With the kind of season reigning N.L. Cy Young winner Jake Arrieta had in 2015, it was evident he was going to get paid. According to the Associated Press on Friday, Arrieta and the Cubs avoided arbitration with a one-year, $10.7 million contract. The Cubs have not yet confirmed it. One month from Saturday, the right-hander turns 30.
The trade to the Cubs from the Orioles in July 2013 breathed new life into Arrieta’s career. Gone are the days of high ERA totals, combined with many home runs served up and never maximizing his potential in Baltimore. The Chicago version of Arrieta has matured into the major league-leader in wins, complete games, and shutouts. He has slashed his WHIP and FIP tremendously compared to where those numbers were before. The man whom offenses would pick apart when he pitched his home games at Camden Yards? He’s gone.
Still, even with all of his recent accomplishments, he needs to get to work this season. What if the team has seen the best of their Cy Young recipient? No, he does not have to be better than, or even as good as, he was in 2015. That is unrealistic. The man caught lightning in a bottle during the second half and bested Zack Greinke and Clayton Kershaw for the top pitching honor. However, Arrieta is still not as well established as those two. While his performance was a major reason the Cubs made it to the playoffs, once they got there, he had some starts which left a lot to be desired.

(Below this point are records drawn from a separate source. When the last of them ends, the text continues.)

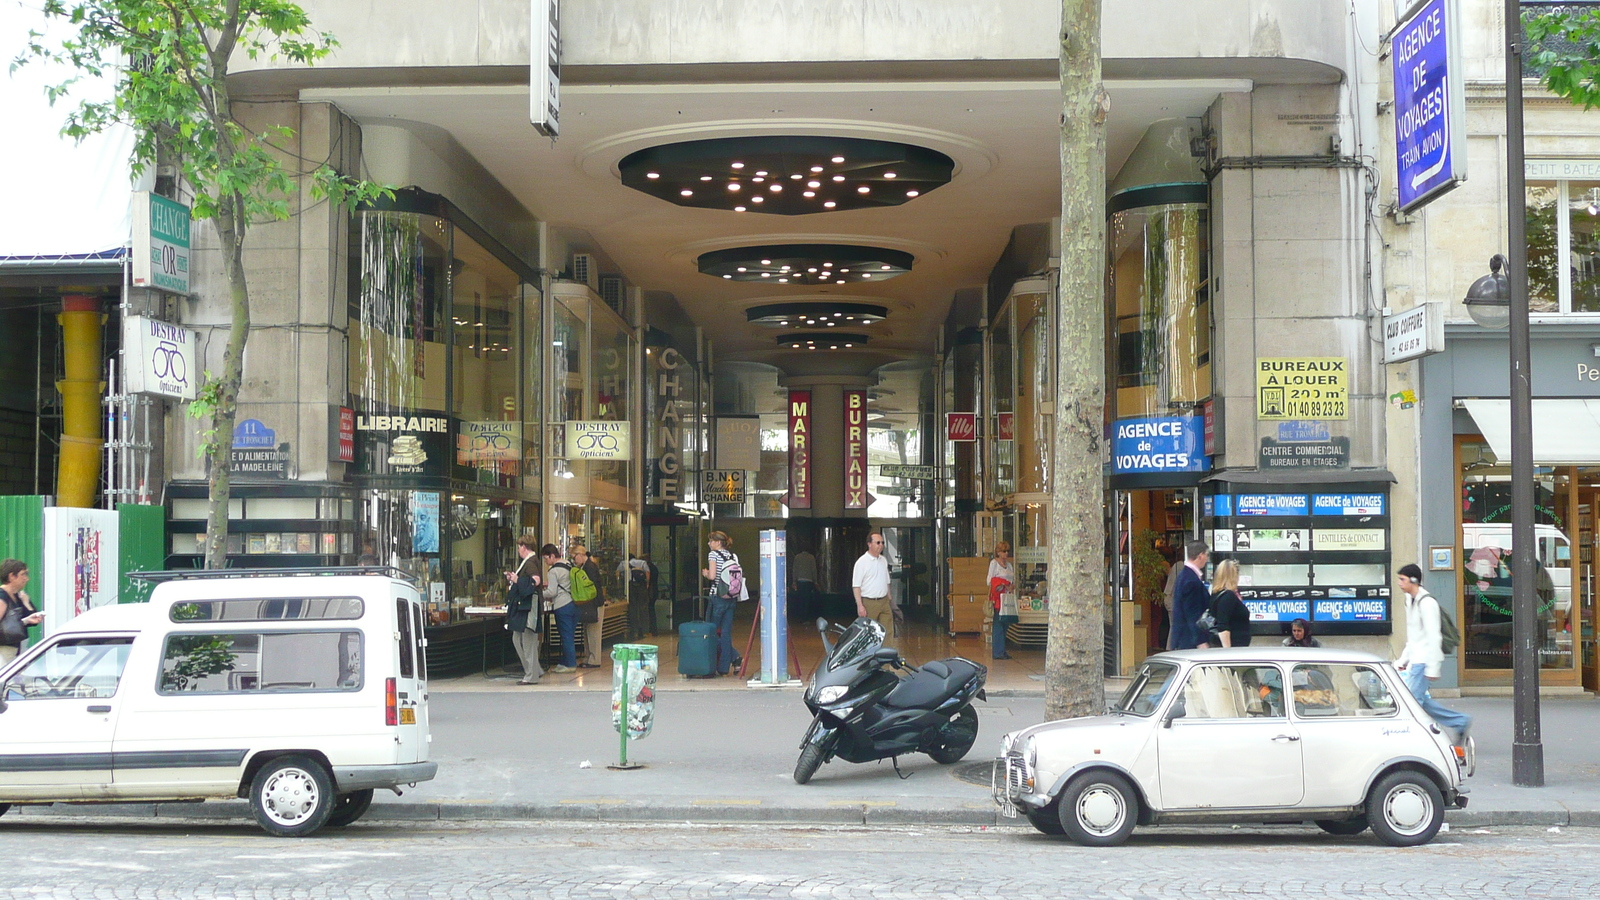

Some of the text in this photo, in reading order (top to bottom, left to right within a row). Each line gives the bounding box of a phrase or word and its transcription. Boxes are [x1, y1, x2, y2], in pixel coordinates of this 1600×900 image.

[1398, 8, 1441, 68] AGENCE
[1412, 59, 1427, 92] DE
[1398, 86, 1442, 141] VOYAGES
[1401, 128, 1442, 172] TRAIN AVION
[1525, 163, 1557, 175] PETIT
[151, 201, 187, 241] CHANGE
[162, 244, 176, 276] OR
[1387, 311, 1423, 340] CLUB COIFFURE
[150, 320, 187, 344] DESTRAY
[1261, 361, 1344, 371] BUREAUX
[1267, 372, 1338, 385] À LOUER
[159, 381, 182, 395] Opticiens
[1288, 401, 1344, 416] 01 40 89 23 23
[244, 422, 256, 434] 11
[357, 415, 448, 433] LIBRAIRIE
[575, 423, 622, 431] DESTRAY
[658, 347, 680, 501] CHANGE
[950, 417, 973, 438] illy
[1118, 422, 1182, 439] AGENCE
[1280, 430, 1293, 439] RUE
[243, 436, 273, 444] TRONCHET
[1137, 440, 1151, 451] de
[580, 450, 614, 458] Opticiens
[849, 394, 862, 506] BUREAUX
[1262, 446, 1344, 455] CENTRE COMMERCIAL
[1116, 453, 1188, 469] VOYAGES
[1270, 458, 1299, 466] BUREAUX
[1302, 458, 1311, 466] EN
[230, 463, 284, 472] LA MADELEINE
[706, 472, 740, 482] B.N.C
[702, 482, 744, 493] Madeleine
[703, 493, 743, 502] CHANGE
[1239, 495, 1306, 508] AGENCE de VOYAGES
[1315, 495, 1381, 507] AGENCE de VOYAGES
[1482, 510, 1498, 523] Pour
[1318, 534, 1346, 543] LENTILLES
[1353, 534, 1378, 543] CONTACT
[1246, 601, 1307, 613] GENCE de VOYAGES
[1316, 601, 1383, 613] AGENCE de VOYAGES
[1499, 608, 1512, 616] dan

There’s no doubt he put the team on his back in the Wild Card game against the Pirates. The righty pitched a complete game shutout with eleven strikeouts and no walks. However, that was the last the Cubbies would see of him in his really dominant form. Chicago did beat the Cardinals in the NLDS, but that was in spite of Arrieta, not because of him. He got the win in a Game Three slug fest, in which he allowed four runs, all earned, in 5.2 innings. The Cubs would win the game 8-6 and clinched the series the very next night.

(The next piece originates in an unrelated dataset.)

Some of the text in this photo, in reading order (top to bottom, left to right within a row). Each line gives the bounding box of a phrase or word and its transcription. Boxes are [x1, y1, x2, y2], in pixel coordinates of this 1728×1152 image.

A lot of stuff can go wrong when a team is swept in the NLCS. For Arrieta and company, there wasn’t much they could muster up against the Mets. In all four games, New York grabbed the lead in the first inning. Not once, at any point in the series, were the Cubs ever ahead. Arrieta’s numbers in Game Two against the Mets were nearly identical to his start against St. Louis: four earned runs, five innings, two walks, and a home run. His magic touch vanished once the stakes got higher.
So, who is the real Jake Arrieta? Was last season just an incredible run and now it’s back to reality? Remember, he had a terrific 2014 also. Should we just chalk it up to a couple of bad starts in October? It’s hard to tell, since he had no prior playoff experience before 2015. Regular season and postseason stats do not necessarily correlate.
For the Cubs, the expectations are exponentially raised and they’re in prime position for another playoff berth in 2016, though anything can transpire over the course of a long season. Should they make it again, it is likely Arrieta will play a role in that. While one pitcher does not make a club (not everyone can be Madison Bumgarner circa 2014), if the Cubs are to win their first pennant since 1945, he must bring it when it matters most. It is unfair to expect him to duplicate or exceed last year, but he must show he is worth the money, and helping his team to the promised land would go a long way.